• **DATA SECTION**
- Opening Delimiter -
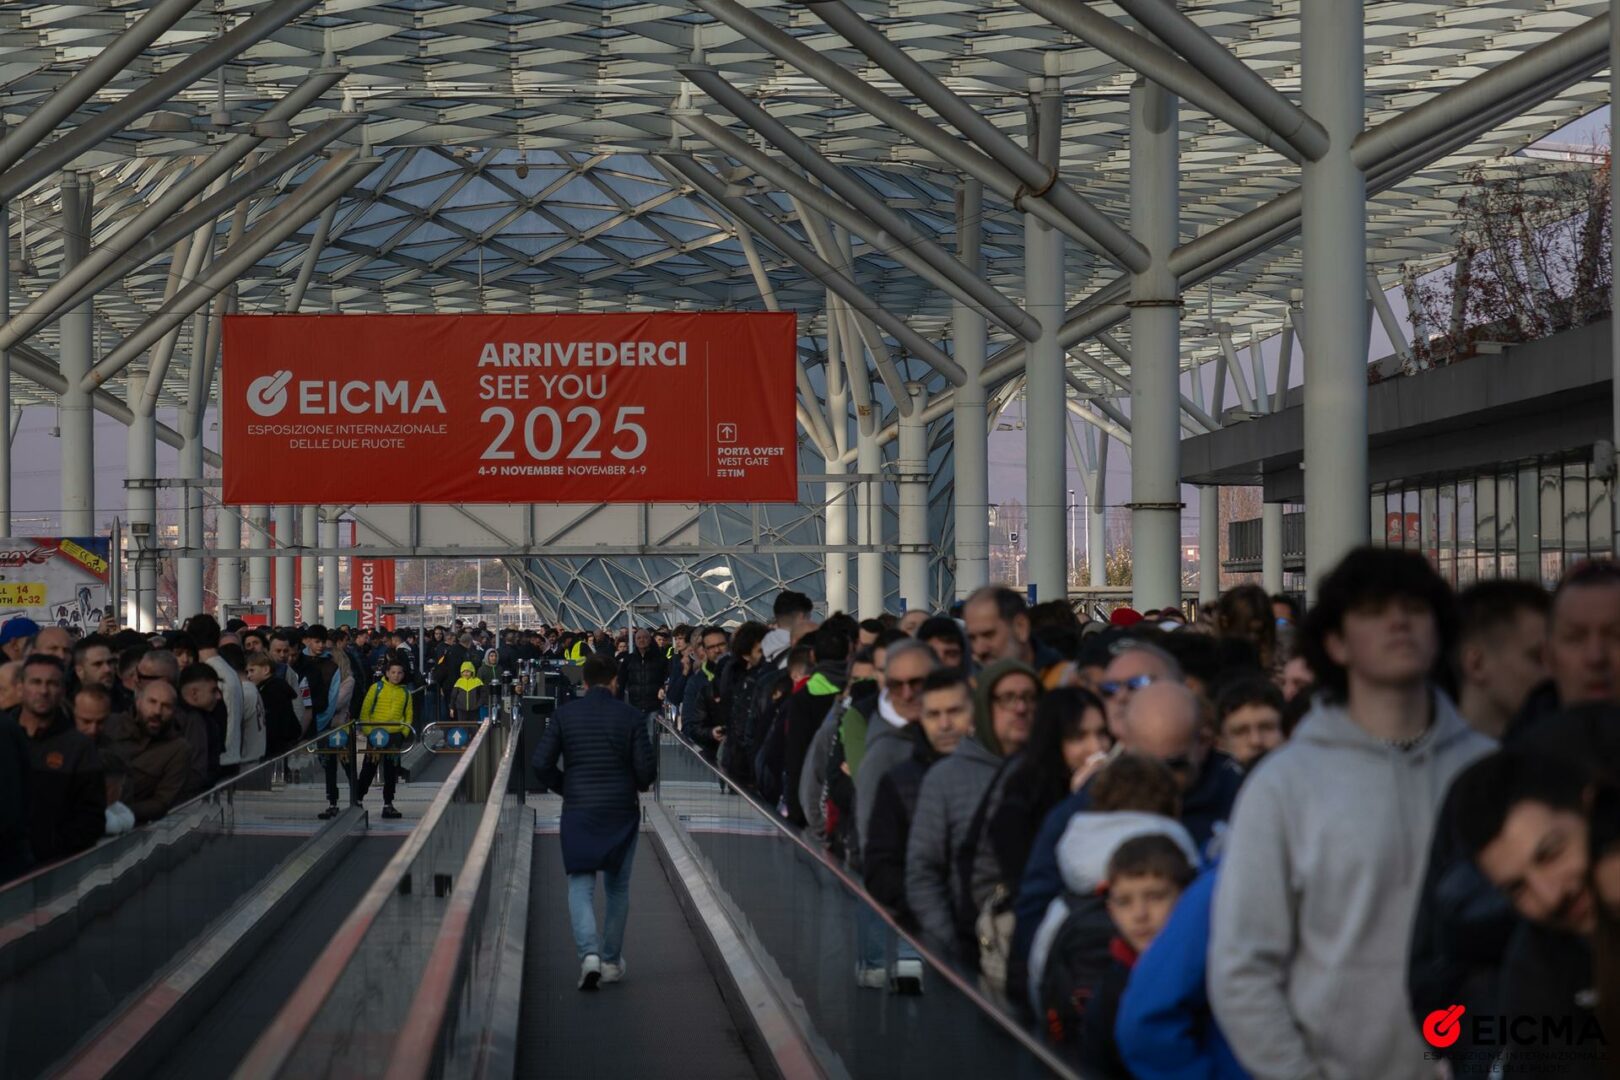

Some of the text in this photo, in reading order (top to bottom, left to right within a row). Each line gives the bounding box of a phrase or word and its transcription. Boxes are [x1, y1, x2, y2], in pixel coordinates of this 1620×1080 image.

[477, 341, 687, 368] ARRIVEDERCI
[479, 374, 607, 400] SEE YOU
[299, 380, 447, 414] EICMA
[247, 424, 447, 435] ESPOSIZIONE INTERNAZIONALE
[479, 406, 648, 461] 2025
[289, 439, 406, 449] DELLE DUE RUOTE
[717, 447, 785, 456] PORTA OVEST
[717, 457, 769, 466] WEST GATE
[478, 465, 647, 476] 4-9 NOVEMBRE NOVEMBER 4-9
- Closing Delimiter -
• **WORK ITEM**
Could you reproduce the listing above word for word while leaving out its pictures?

• **TASK RESPONSE**
Some of the text in this photo, in reading order (top to bottom, left to right within a row). Each line gives the bounding box of a phrase or word and its transcription. Boxes are [x1, y1, x2, y2], in pixel coordinates of this 1620×1080 image.

[477, 341, 687, 368] ARRIVEDERCI
[479, 374, 607, 400] SEE YOU
[299, 380, 447, 414] EICMA
[247, 424, 447, 435] ESPOSIZIONE INTERNAZIONALE
[479, 406, 648, 461] 2025
[289, 439, 406, 449] DELLE DUE RUOTE
[717, 447, 785, 456] PORTA OVEST
[717, 457, 769, 466] WEST GATE
[478, 465, 647, 476] 4-9 NOVEMBRE NOVEMBER 4-9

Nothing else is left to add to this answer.